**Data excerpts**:
^^^^
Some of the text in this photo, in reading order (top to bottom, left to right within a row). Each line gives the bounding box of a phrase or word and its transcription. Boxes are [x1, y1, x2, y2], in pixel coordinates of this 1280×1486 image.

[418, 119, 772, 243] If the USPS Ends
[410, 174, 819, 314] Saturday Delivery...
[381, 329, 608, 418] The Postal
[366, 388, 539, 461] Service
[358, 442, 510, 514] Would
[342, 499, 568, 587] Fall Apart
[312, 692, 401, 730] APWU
^^^^
Could you reproduce all of the entries above exactly?

**Answer below**:
Some of the text in this photo, in reading order (top to bottom, left to right within a row). Each line gives the bounding box of a phrase or word and its transcription. Boxes are [x1, y1, x2, y2], in pixel coordinates of this 1280×1486 image.

[418, 119, 772, 243] If the USPS Ends
[410, 174, 819, 314] Saturday Delivery...
[381, 329, 608, 418] The Postal
[366, 388, 539, 461] Service
[358, 442, 510, 514] Would
[342, 499, 568, 587] Fall Apart
[312, 692, 401, 730] APWU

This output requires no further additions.